Friday, April 13, 2007

Just Call Me "Chef"


I’ve always liked to cook and, if I do say so myself, I’m pretty good at it. However, the older I’ve gotten (let’s be honest here), the lazier I’ve gotten. It is SO much easier to order in, to go out to a restaurant, to eat fast food, to grab some delicious something or other out of the freezer. Planning, shopping, cooking, serving, etc. are not my idea of fun. I usually enjoy it once I get started, but sometimes getting started is not so easy. I’d much rather read, compute, watch TV, play with my dogs, go shopping, play golf, etc. etc. etc.

Well, now having said that, you all know that I’m on WW, which means I’m cooking more and eating less “easy” food. For some reason, easy food is fattening food, generally speaking. That doesn’t seem fair, but it seems to be true. So anyway, I’m on WW and I’m cooking and working in the kitchen and I’m actually losing weight, therefore, I’m incentivized to just keep doing it whether I like it or not.

However, now, thanks to the worthless, godless, money grubbing, stinking, heartless, bastards who manufacture dog food, I am now cooking for my dogs as well. As I write this, I have a couple of large, cheap roasts bubbling on the stove, simmering away with gravy and brown rice and veges mixed in. Not only that, I have liver cookies baking in the oven. I am such a domestic goddess, I can hardly stand it.

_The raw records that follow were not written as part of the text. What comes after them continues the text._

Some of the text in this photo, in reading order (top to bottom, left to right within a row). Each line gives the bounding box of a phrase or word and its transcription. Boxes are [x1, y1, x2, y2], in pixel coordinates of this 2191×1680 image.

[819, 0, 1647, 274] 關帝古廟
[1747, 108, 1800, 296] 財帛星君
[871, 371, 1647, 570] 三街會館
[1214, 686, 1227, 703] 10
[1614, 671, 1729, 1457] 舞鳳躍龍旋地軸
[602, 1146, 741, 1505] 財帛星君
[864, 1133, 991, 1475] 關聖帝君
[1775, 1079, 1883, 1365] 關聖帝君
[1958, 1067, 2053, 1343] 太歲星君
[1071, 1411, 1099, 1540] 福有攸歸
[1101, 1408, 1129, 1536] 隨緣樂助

We have, with a great deal of research and label reading, found a kibble that we think is safe to feed them. So, I’m just making their “wet” food and treats and I really don’t mind. I love them dearly and the thought of giving them food that might make them sick is so horrifying to me, I won’t even consider it. I’ve bought several doggy cook books and it isn’t rocket science to make them good food. It isn’t any harder than making our food, it just takes time, and frankly, they are more than worth it. We wanted to use kibble as a base, in order to get the many vitamins and minerals, et al, that they need, which is why I’m still buying any kind of dog food at all.

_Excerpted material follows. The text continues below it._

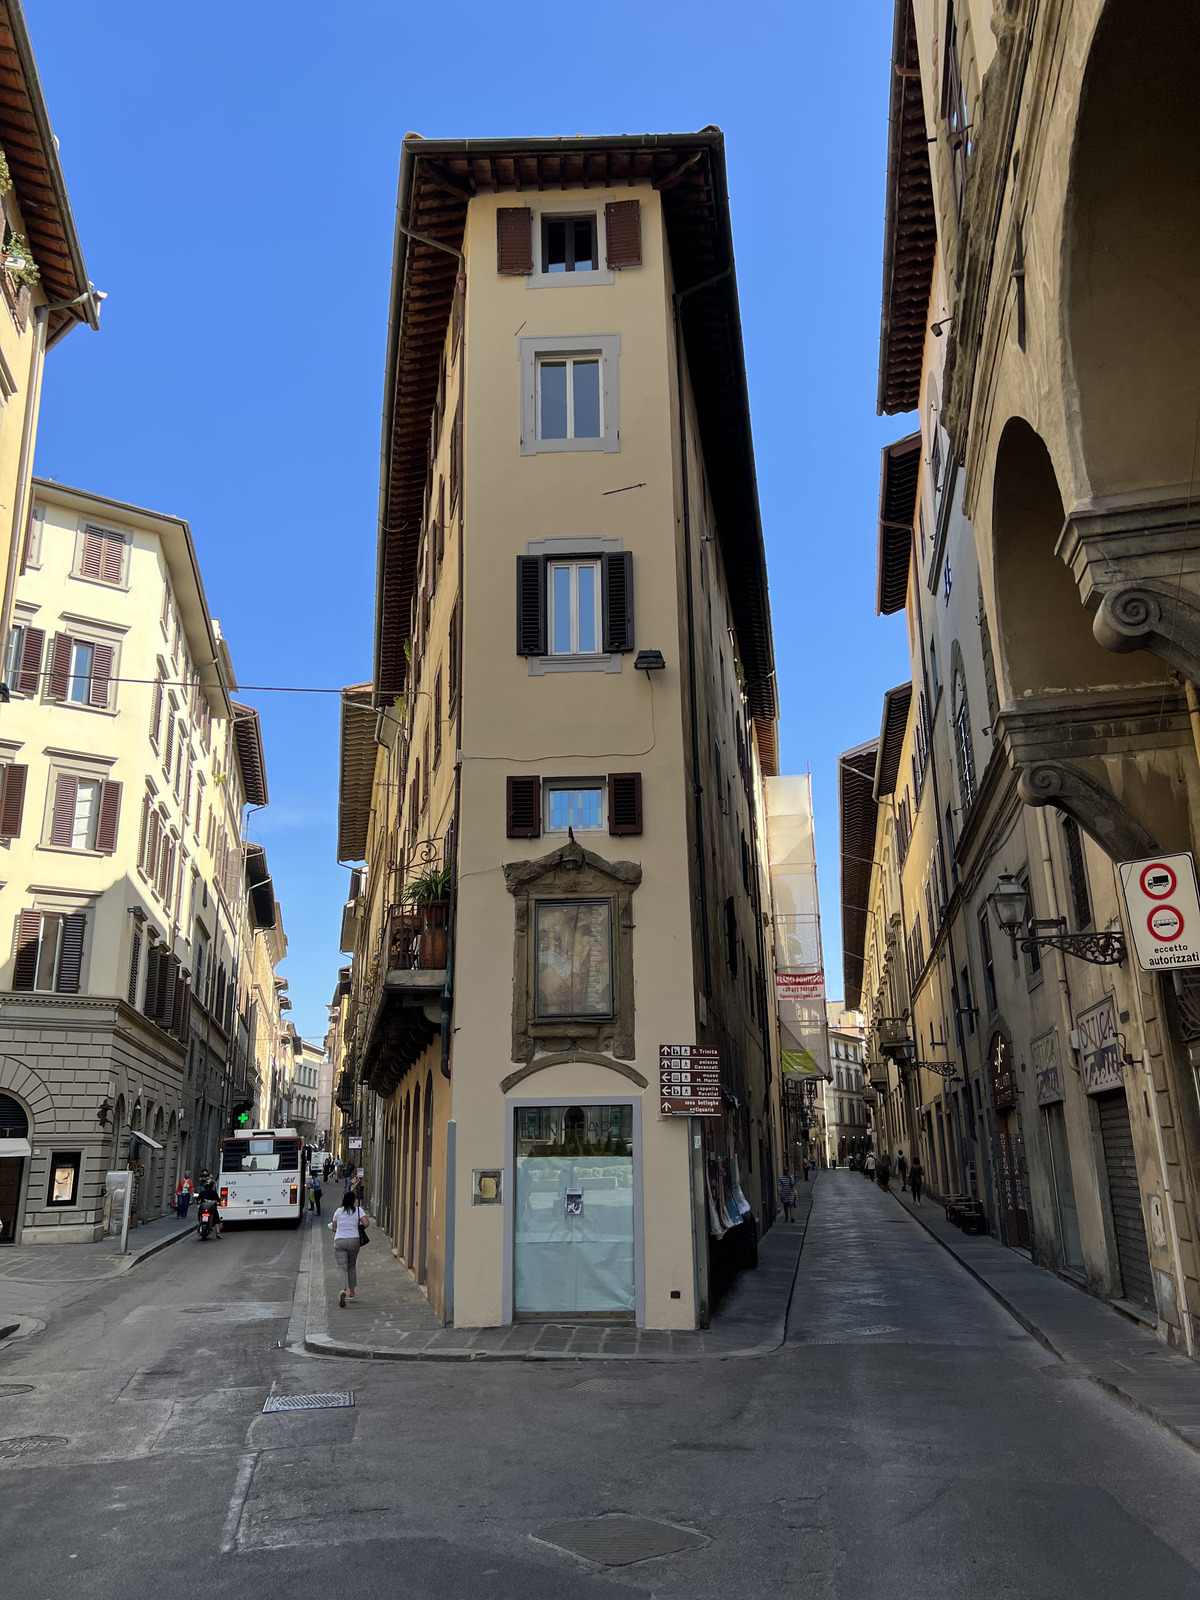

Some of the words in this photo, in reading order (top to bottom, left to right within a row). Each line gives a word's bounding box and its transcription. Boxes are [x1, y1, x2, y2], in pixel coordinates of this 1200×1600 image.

[1149, 952, 1199, 965] autorizzati
[1154, 944, 1188, 953] eccetto
[1080, 1011, 1115, 1049] OTTICA
[999, 1133, 1010, 1175] BOTTEGA

In the process of all this reading and research I have learned what goes into the canned dog food I have been feeding them with their kibble for all these years. It’s enough to make you sick at your stomach to realize all the nasty crap they put in our pet’s food. And what’s even more horrifying is that there is no control and no regulation of what goes into pet food. There is no governmental inspection process, no FDA regulations, no nothing. The government and the pet food manufacturers simply don’t care. Most brands of kibble have about as much food value as pressed cardboard and when it comes to the canned “meat”, they can and do put any kind of roadkill, or diseased or dying animal, and lots worse stuff as well, into those cans. Then they put a pretty label on it and sell it to us for our beloved pets to eat. And then to top off the hypocrisy, they put those ads on TV about how wonderful and healthy their dog food is for your pet. The lying bastards ought to be made to eat the stuff they produce. That would certainly be a just punishment.

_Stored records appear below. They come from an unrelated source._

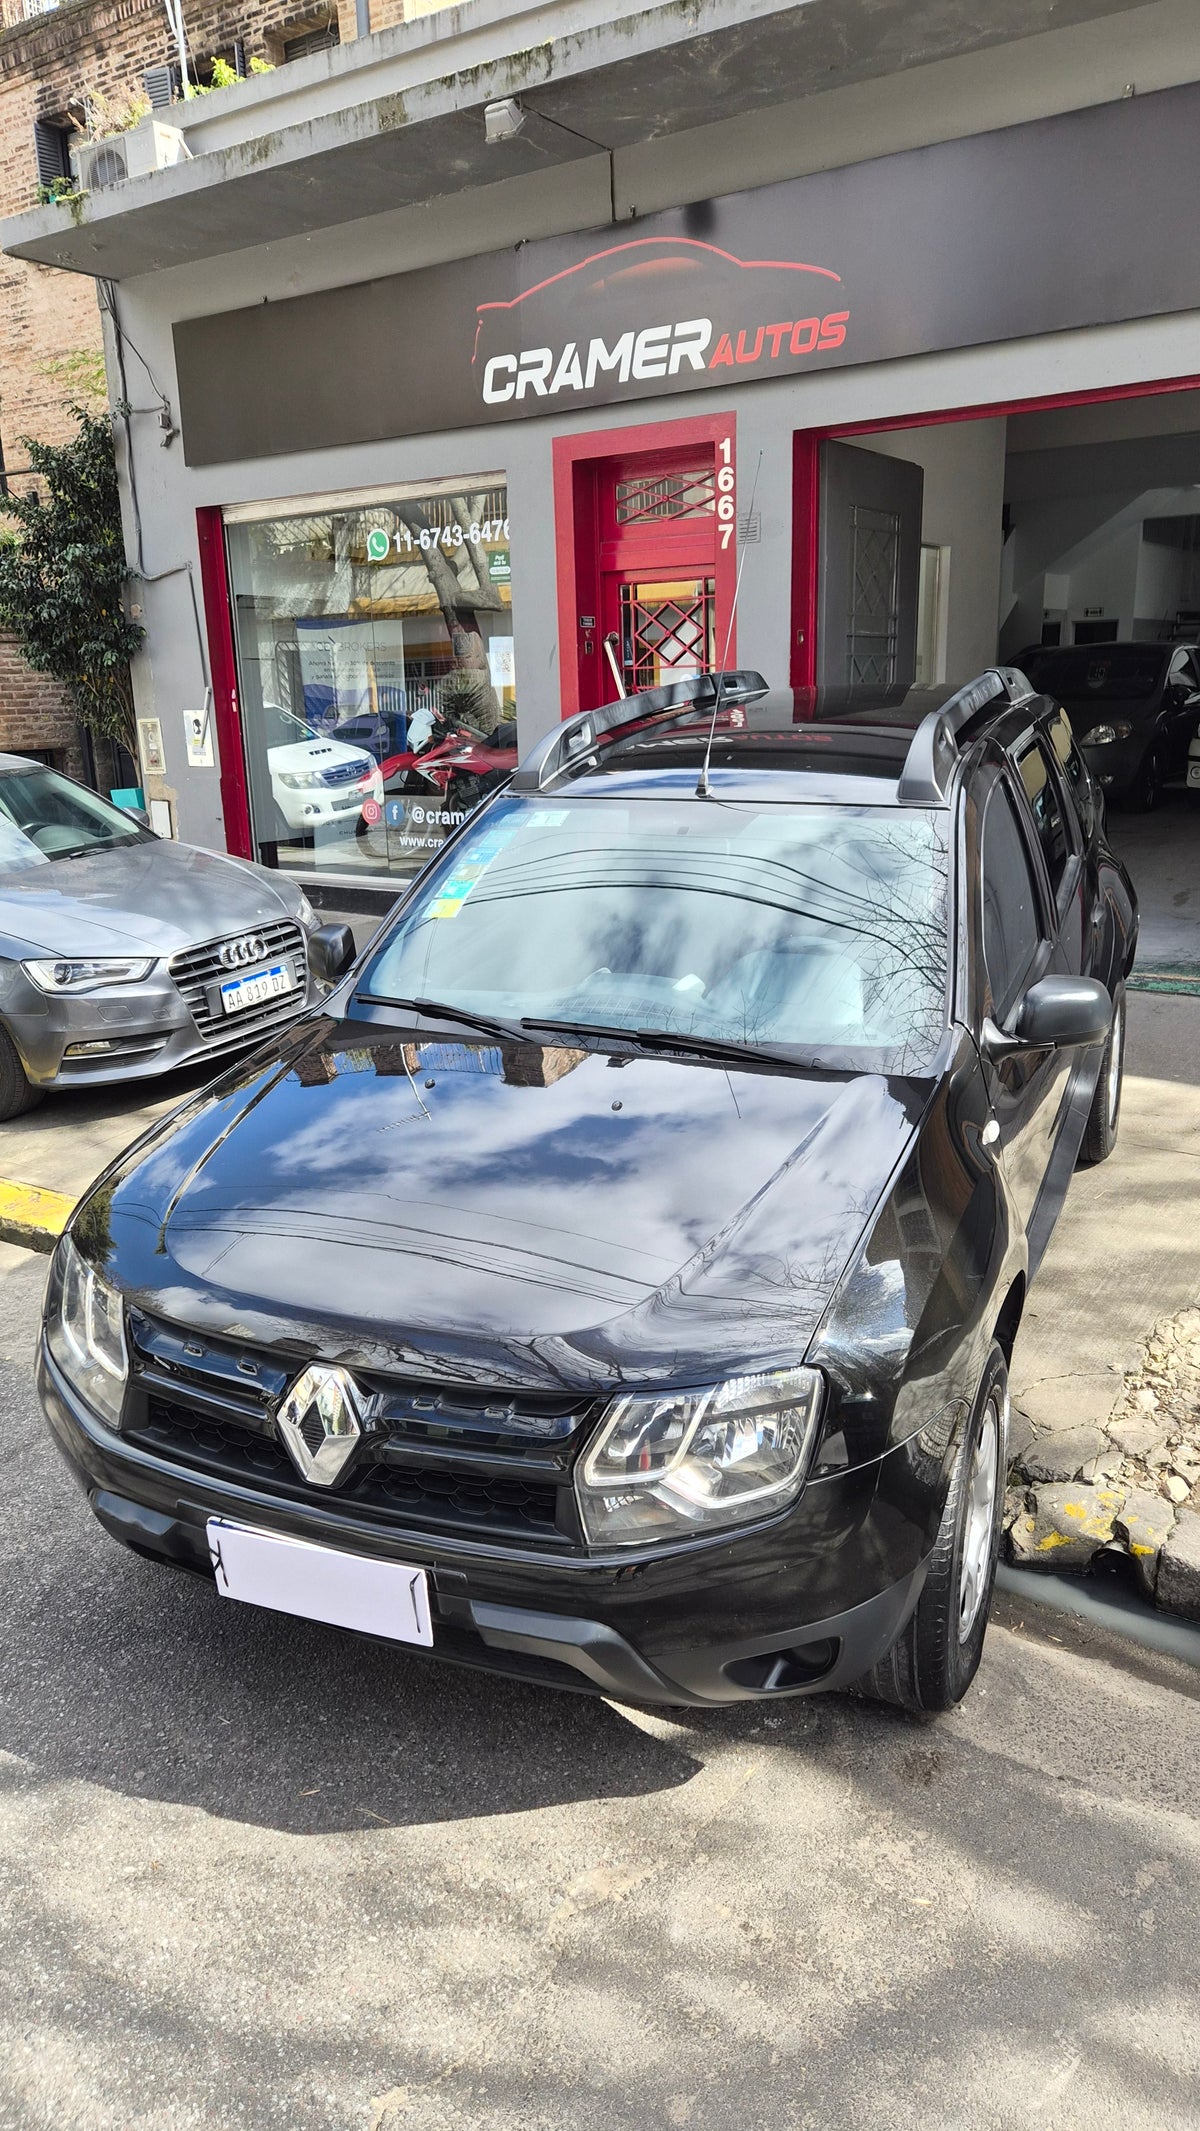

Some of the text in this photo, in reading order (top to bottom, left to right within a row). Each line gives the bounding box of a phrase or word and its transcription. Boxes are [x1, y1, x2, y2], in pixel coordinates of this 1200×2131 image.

[482, 311, 850, 404] CRAMER AUTOS
[718, 437, 735, 550] 1667
[412, 806, 469, 825] @cram
[228, 990, 243, 1009] AA
[246, 981, 268, 1001] 819

I need to buy a dog bone shaped cookie cutter. It’s not like my pups care if their cookies are shaped like Christmas trees or Santa Claus, but if I’m gonna do this, and I am, then I like the idea of the dog bone shaped cookies. Besides, I’m a little concerned that The Spouse might come in one night, late, and seeing cookies cooling on the counter, just give one of those delicious looking cookies a try. Somehow, I don’t think she’d like the liver.

Tuesday, April 10, 2007

I'm Ready For My Close-Up Mr. Spielberg


One of the classes I teach is not actually a “class”, it is overseeing student internships. After 4-5 years of pounding knowledge into their hard little heads, we release them on the unsuspecting business world and keep our fingers crossed.

Since our business is “healthcare”, we are inserting these “well-trained” college seniors into the realms of upper management at hospitals, medical management companies, large clinics and numerous other types of healthcare businesses. The existing executive are, on the whole, delighted to have them. The executives seem to enjoy training the next generation and helping these kids get a “leg up”. Of course, it doesn’t hurt that they (the executives) are also getting a great deal of free, “slave” labor, for an extended period of time.

We, in the academic world, are eternally grateful for the help and guidance these executives are willing to provide our students, for how else would these kids ever begin to know how the “real” world works?

In preparation for this experience, at the beginning of their internship semester, I spend an entire 3 hour class talking about their appearance in the workplace. You must understand that I am talking to a classroom full of long haired, spike haired, purple haired “youngsters” wearing their baggy, butt crack showing jeans, their equally baggy tee shirts and their sideways ball caps. Some of them have piercings of their various body parts and some have tattoos. Many of the girls are wearing too much make-up. Most males are wearing untied tennis shoes and have unshaved faces with a perpetually “bored” look. Most females are wearing either clothes that are too tight or too revealing or else they are wearing baggy sweats that show absolutely nothing. There are a few scattered “adults” in the mix who are actually dressed in a business appropriate way, since they probably just came from the office. However, overall, it is not a pretty picture. To think of inserting these kids into the executive ranks of a large company and expecting them to “blend in” and work and learn is a scary thought at best.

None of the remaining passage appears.